**Work instructions:** Leave the pictures out and return every line below exactly.

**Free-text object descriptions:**

[Start of Attachment]

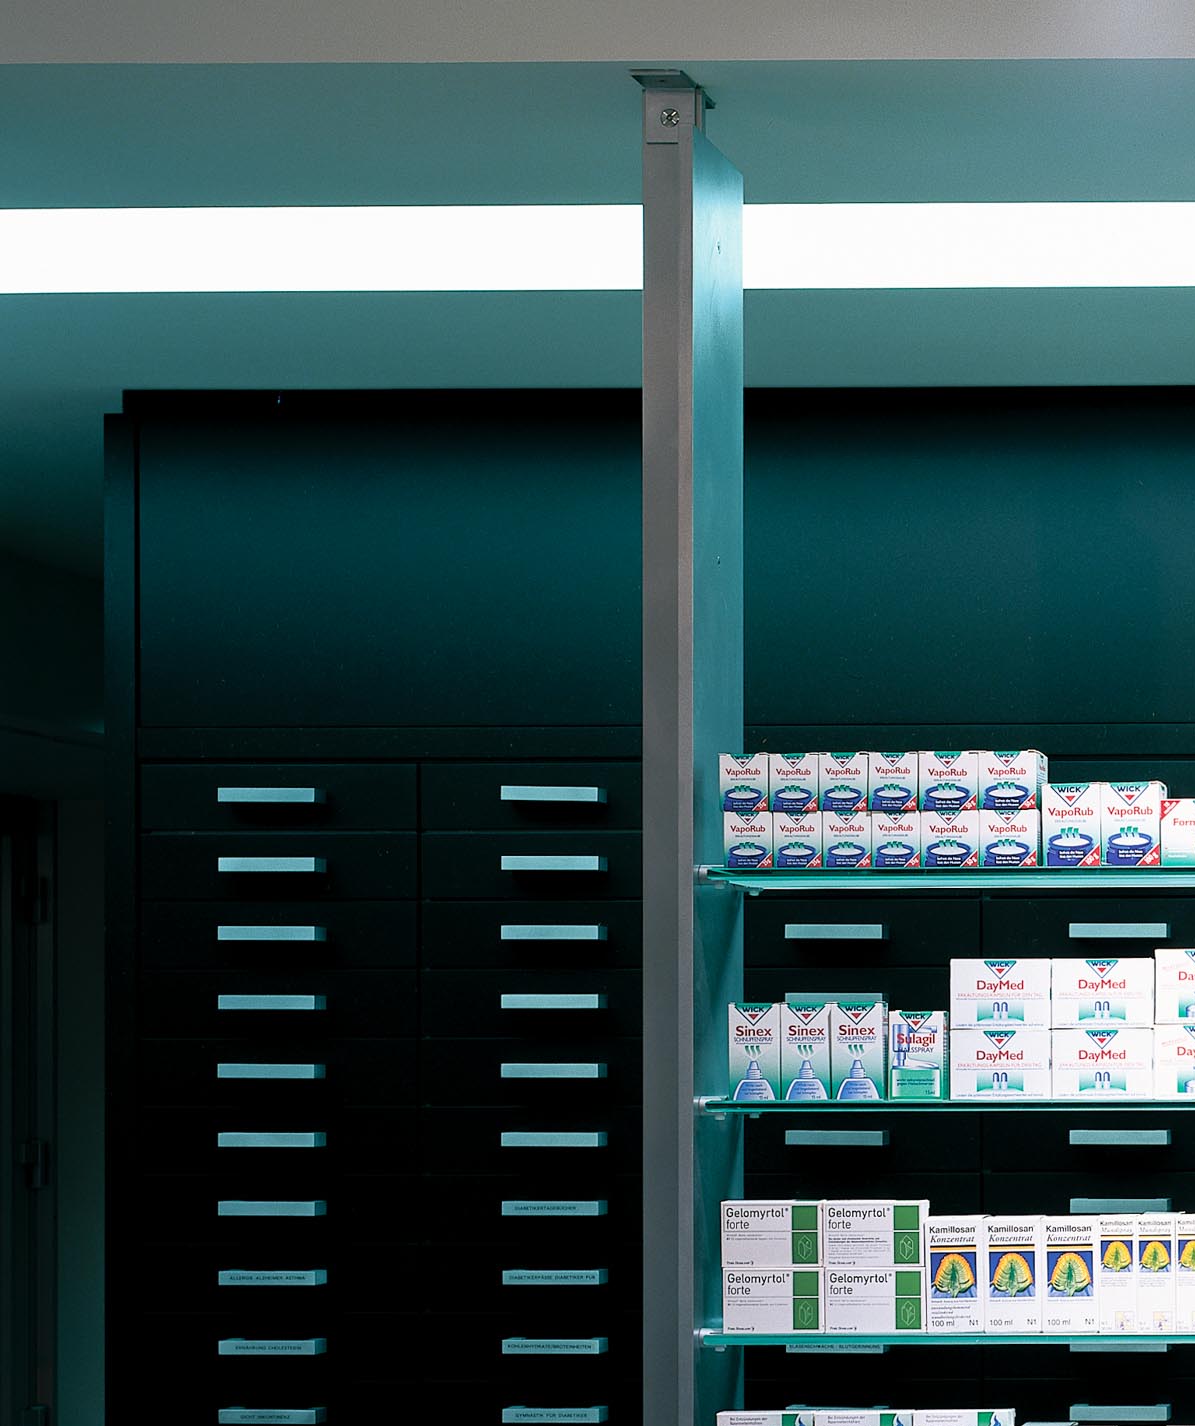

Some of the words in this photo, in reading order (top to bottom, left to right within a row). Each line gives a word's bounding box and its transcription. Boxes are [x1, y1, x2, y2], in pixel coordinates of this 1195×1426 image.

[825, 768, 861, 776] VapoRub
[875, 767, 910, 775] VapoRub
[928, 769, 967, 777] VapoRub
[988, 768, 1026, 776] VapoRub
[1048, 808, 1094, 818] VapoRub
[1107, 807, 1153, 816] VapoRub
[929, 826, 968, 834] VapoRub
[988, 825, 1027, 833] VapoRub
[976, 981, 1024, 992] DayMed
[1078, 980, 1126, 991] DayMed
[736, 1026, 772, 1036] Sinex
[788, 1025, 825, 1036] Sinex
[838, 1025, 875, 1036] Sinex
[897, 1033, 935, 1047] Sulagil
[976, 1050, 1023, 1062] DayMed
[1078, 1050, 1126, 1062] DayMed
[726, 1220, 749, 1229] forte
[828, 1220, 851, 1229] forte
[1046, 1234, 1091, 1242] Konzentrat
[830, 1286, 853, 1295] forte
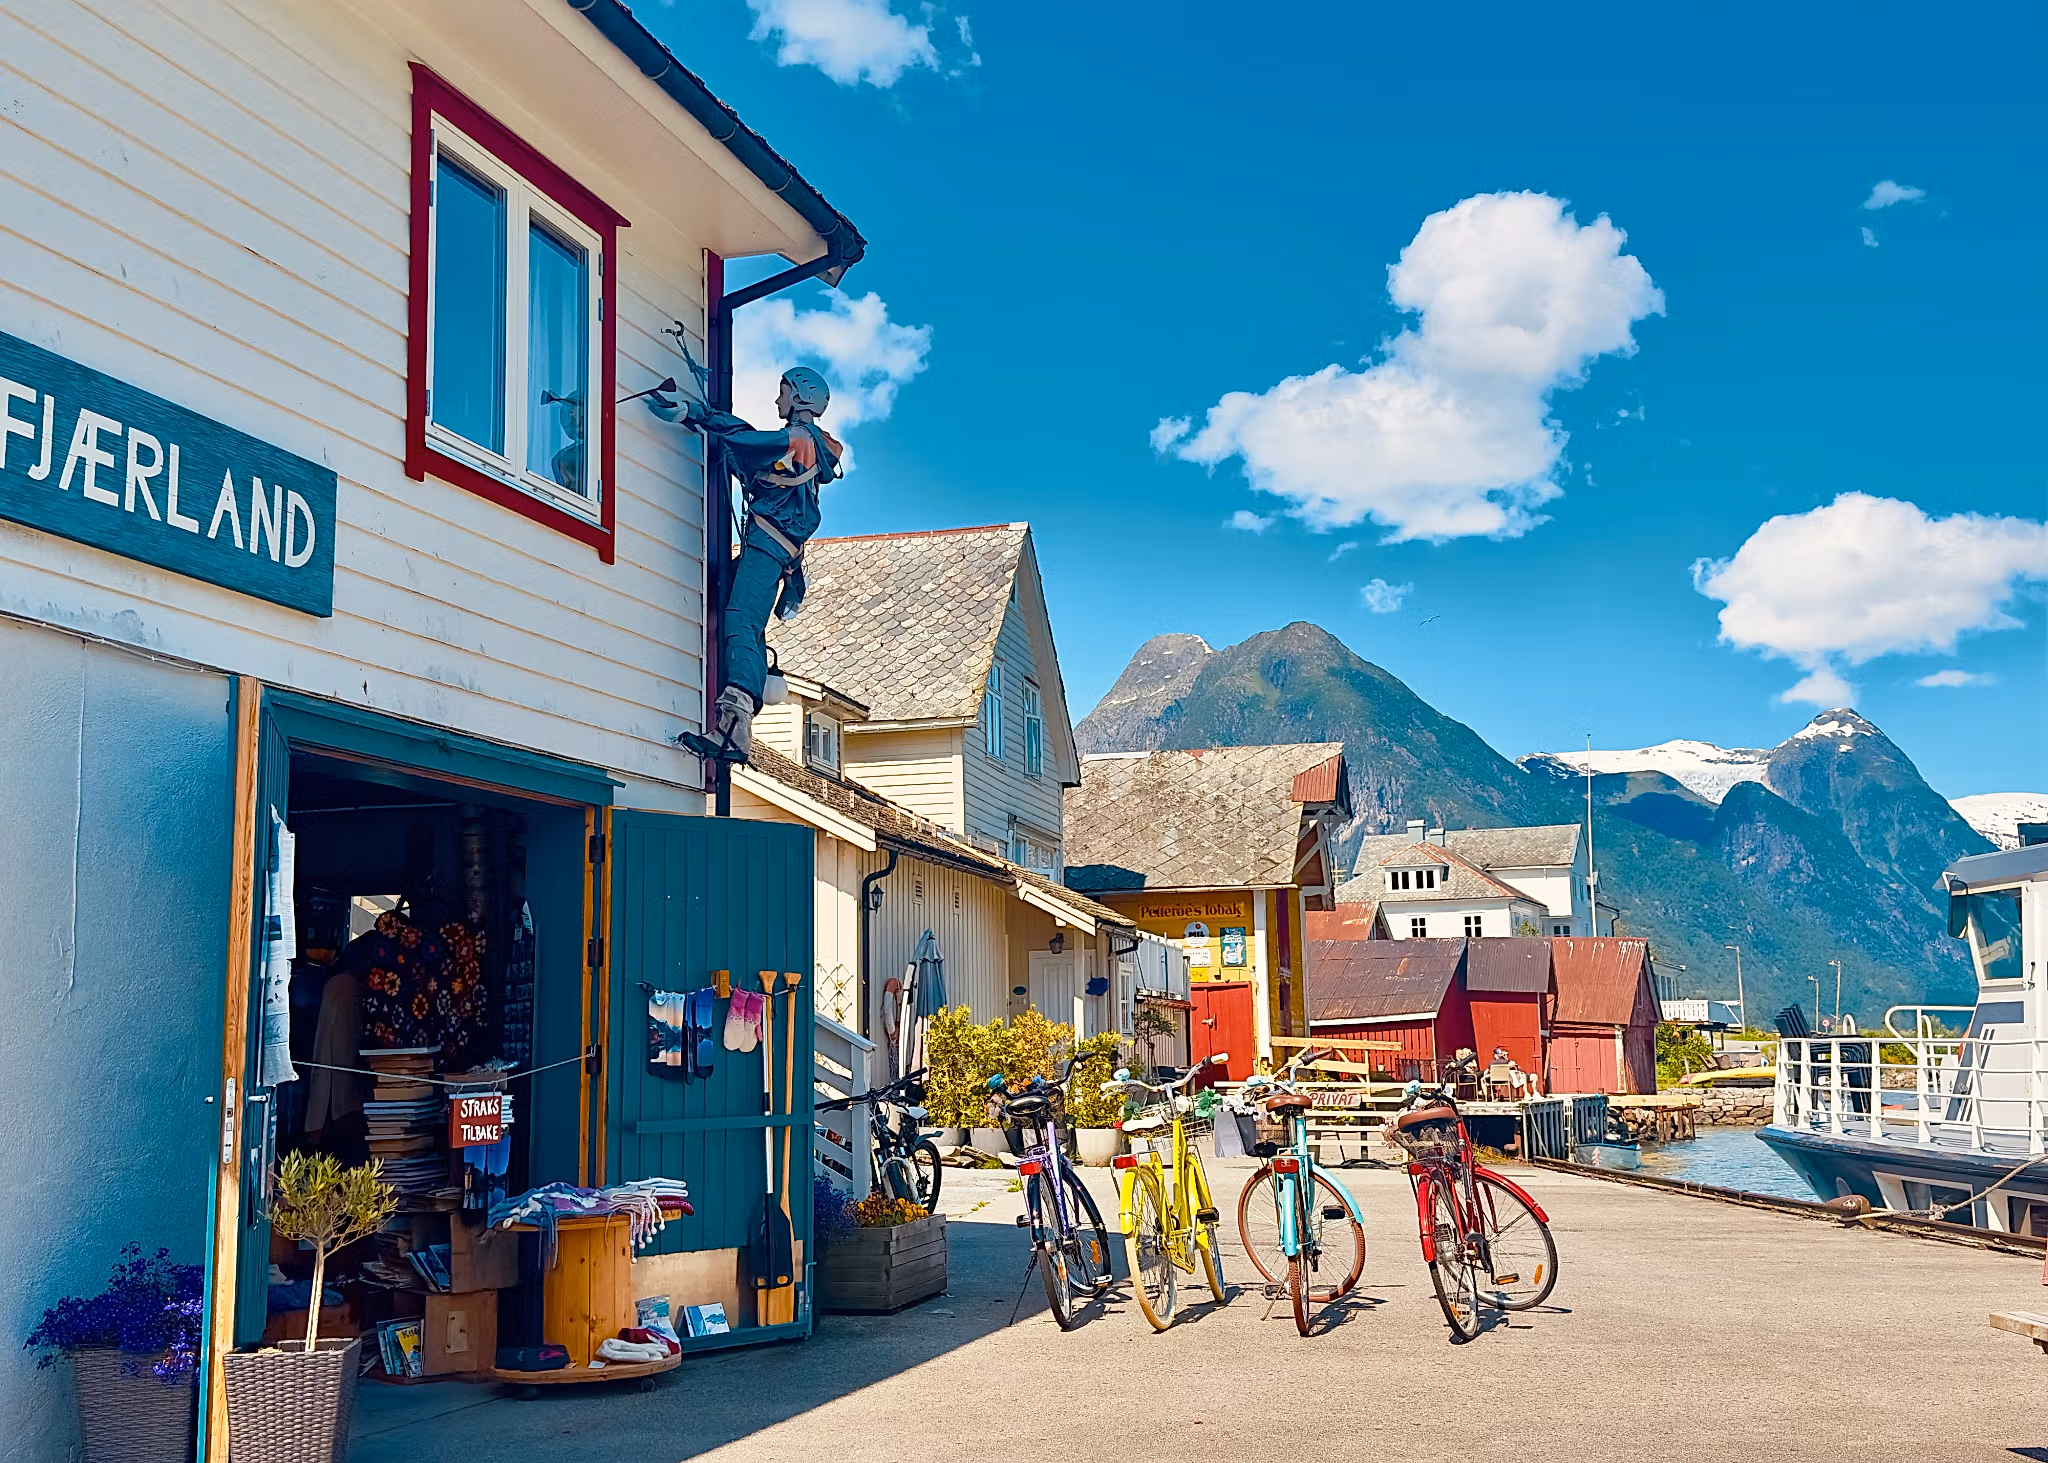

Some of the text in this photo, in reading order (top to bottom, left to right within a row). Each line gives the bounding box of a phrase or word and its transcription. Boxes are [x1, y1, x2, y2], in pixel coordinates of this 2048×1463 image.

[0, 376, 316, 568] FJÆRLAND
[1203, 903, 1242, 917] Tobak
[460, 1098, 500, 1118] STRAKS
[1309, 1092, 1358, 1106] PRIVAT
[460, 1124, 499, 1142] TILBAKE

[End of Attachment]

**Exercise response:**
Some of the words in this photo, in reading order (top to bottom, left to right within a row). Each line gives a word's bounding box and its transcription. Boxes are [x1, y1, x2, y2], in pixel coordinates of this 1195×1426 image.

[825, 768, 861, 776] VapoRub
[875, 767, 910, 775] VapoRub
[928, 769, 967, 777] VapoRub
[988, 768, 1026, 776] VapoRub
[1048, 808, 1094, 818] VapoRub
[1107, 807, 1153, 816] VapoRub
[929, 826, 968, 834] VapoRub
[988, 825, 1027, 833] VapoRub
[976, 981, 1024, 992] DayMed
[1078, 980, 1126, 991] DayMed
[736, 1026, 772, 1036] Sinex
[788, 1025, 825, 1036] Sinex
[838, 1025, 875, 1036] Sinex
[897, 1033, 935, 1047] Sulagil
[976, 1050, 1023, 1062] DayMed
[1078, 1050, 1126, 1062] DayMed
[726, 1220, 749, 1229] forte
[828, 1220, 851, 1229] forte
[1046, 1234, 1091, 1242] Konzentrat
[830, 1286, 853, 1295] forte

Some of the text in this photo, in reading order (top to bottom, left to right within a row). Each line gives the bounding box of a phrase or word and its transcription. Boxes are [x1, y1, x2, y2], in pixel coordinates of this 2048×1463 image.

[0, 376, 316, 568] FJÆRLAND
[1203, 903, 1242, 917] Tobak
[460, 1098, 500, 1118] STRAKS
[1309, 1092, 1358, 1106] PRIVAT
[460, 1124, 499, 1142] TILBAKE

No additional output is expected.